Every entry below must be retyped exactly, and the pictures must be left out.
** RECORD EXCERPTS follows **
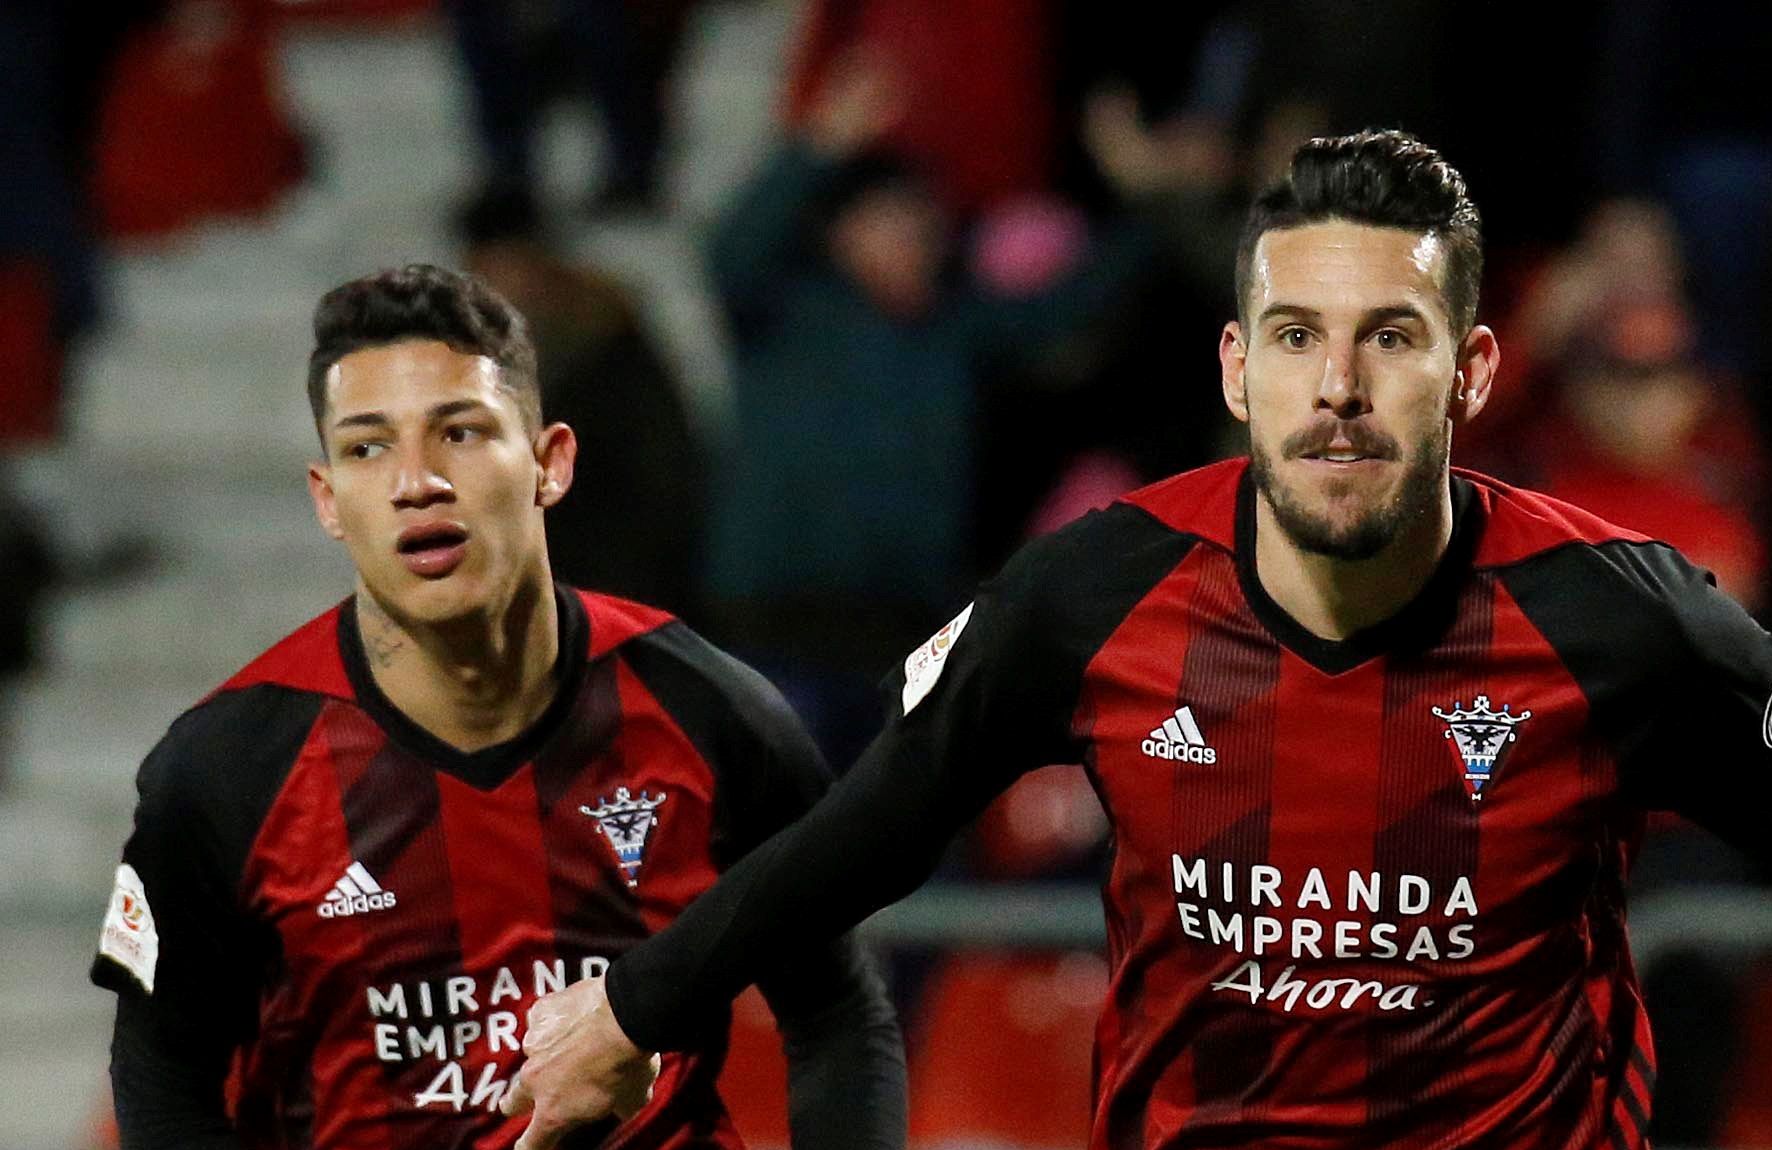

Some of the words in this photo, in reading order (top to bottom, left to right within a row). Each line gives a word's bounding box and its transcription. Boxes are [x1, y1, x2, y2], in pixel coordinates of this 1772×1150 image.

[1141, 739, 1217, 765] adidas
[316, 891, 397, 918] adidas
[1172, 853, 1479, 917] MIRANDA
[1177, 902, 1476, 962] EMPRESAS
[366, 955, 611, 1019] MIRAND
[374, 1011, 528, 1062] EMPR
** End of RECORD EXCERPTS **
■ SOLUTION FOR THIS TASK:
Some of the words in this photo, in reading order (top to bottom, left to right within a row). Each line gives a word's bounding box and its transcription. Boxes are [x1, y1, x2, y2], in pixel coordinates of this 1772×1150 image.

[1141, 739, 1217, 765] adidas
[316, 891, 397, 918] adidas
[1172, 853, 1479, 917] MIRANDA
[1177, 902, 1476, 962] EMPRESAS
[366, 955, 611, 1019] MIRAND
[374, 1011, 528, 1062] EMPR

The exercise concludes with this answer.